"Tea Partiers don't agree on everything," says Chris Good at The Atlantic. In fact, this hodgepodge movement encompassing everything from libertarians to hard-core social conservatives disagrees about quite a lot. So far, though, one potential fissure has been overlooked — "legalization of marijuana." This issue has the potential to become divisive as the debate over decriminalizing pot gains steam, with several states voting on medical-marijuana ballot initiatives and Californians weighing outright legalization. Here, an excerpt:
Marijuana seems like as good an issue as any to bring [the Tea Party's ] ideological poles into conflict. Libertarians support looser drug laws as an expression of their most basic principle — less government involvement in private lives; social conservatives and traditionalists [meanwhile] react viscerally to drug legalization as a descent into societal depravity. In broad terms, libertarians and social conservatives couldn't see marijuana more differently. ...

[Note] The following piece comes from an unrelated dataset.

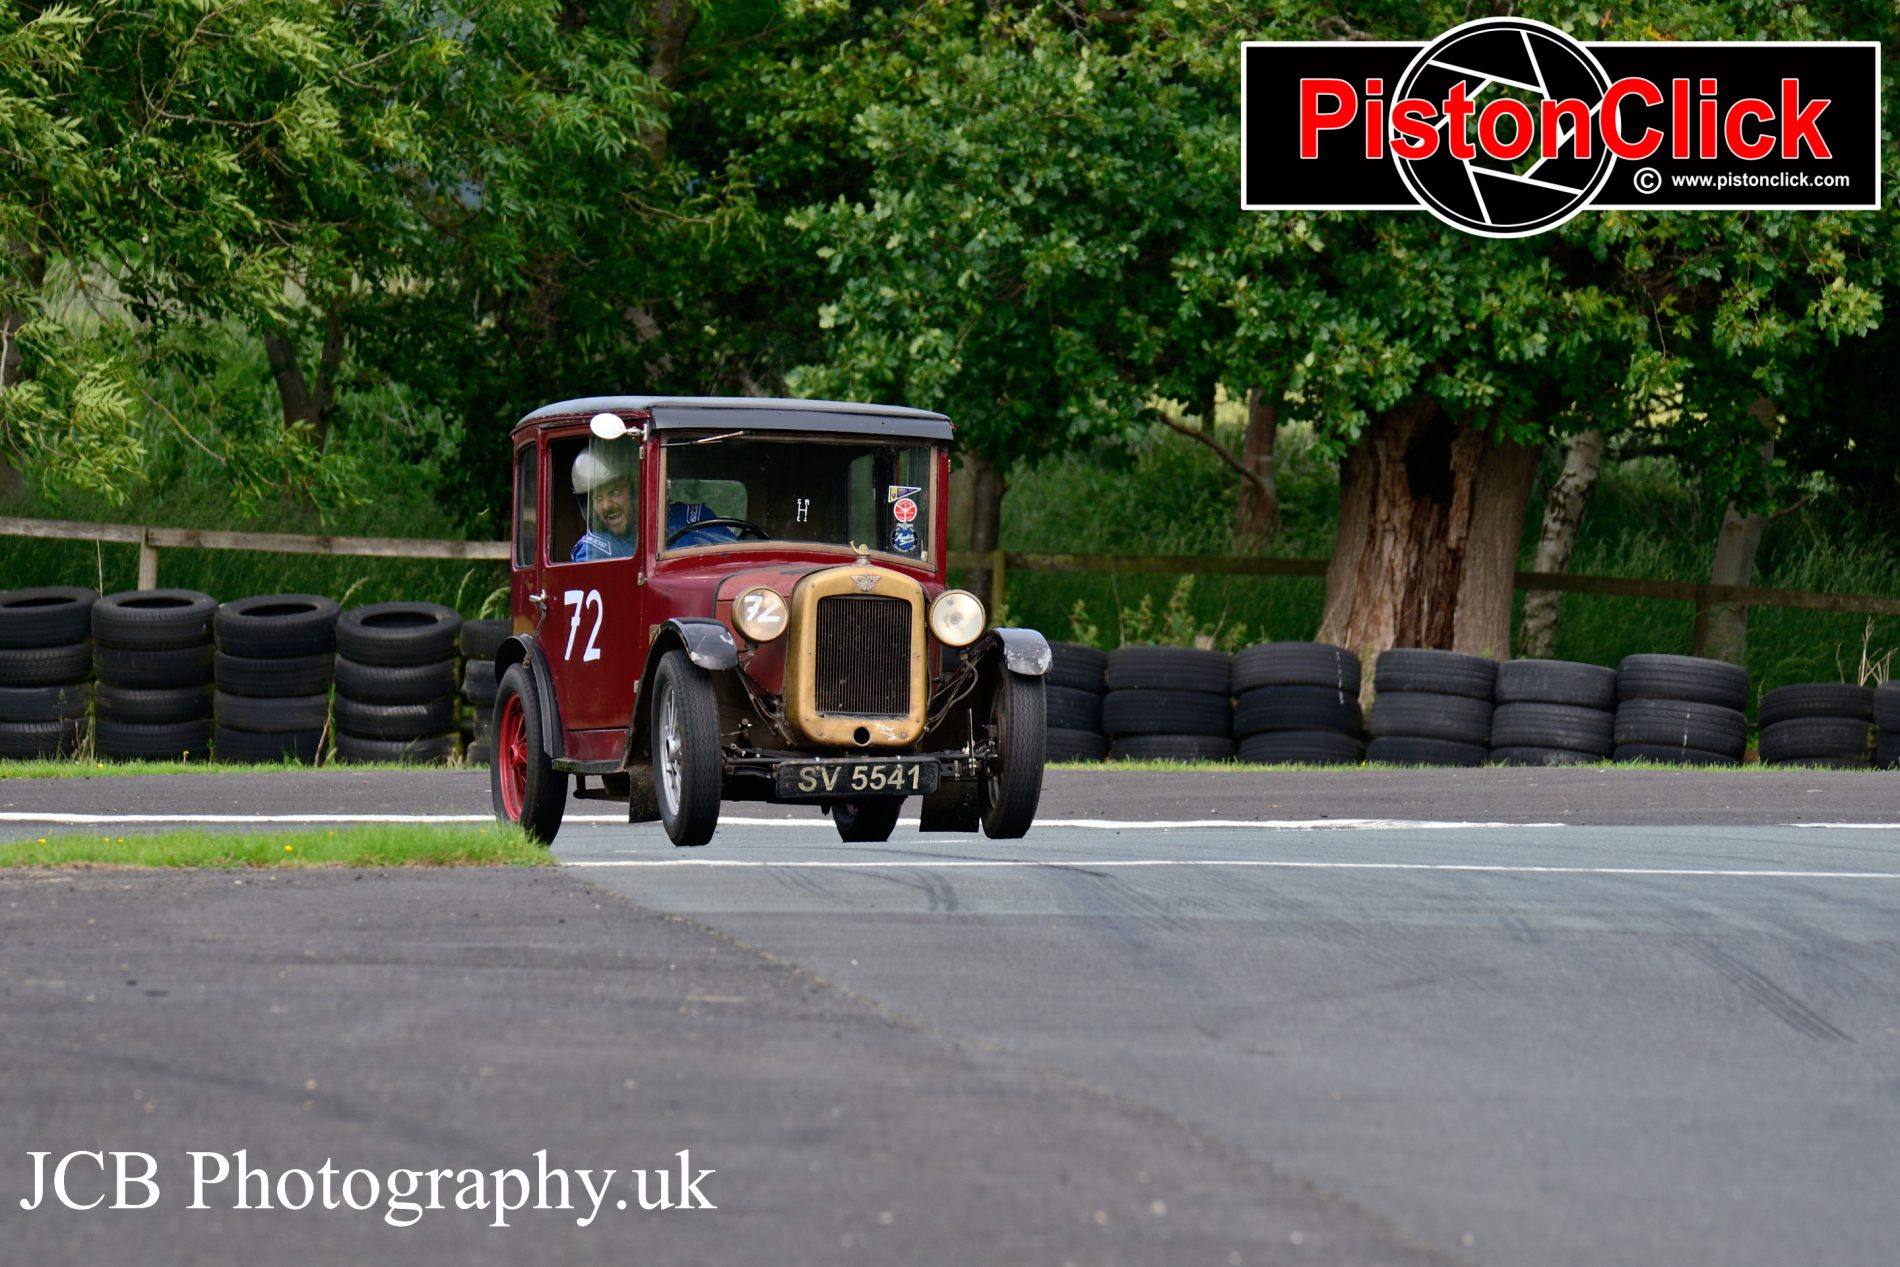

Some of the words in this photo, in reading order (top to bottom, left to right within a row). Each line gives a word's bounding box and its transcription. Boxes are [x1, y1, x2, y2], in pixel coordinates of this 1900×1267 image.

[744, 595, 781, 623] 72
[564, 589, 603, 662] 72
[798, 766, 842, 792] SV
[851, 764, 920, 791] 5541

On top of that, marijuana is becoming a states' rights issue. The Obama administration has enacted a policy of deference to state policies on medical marijuana, and if California's Prop. 19 passes in 2010, or if a similar measure passes in California or elsewhere in 2012, the subsequent Obama/Holder decision over what to do about it will inevitably call into question whether the federal government should (constitutionally, it certainly can) supersede the decision of state voters.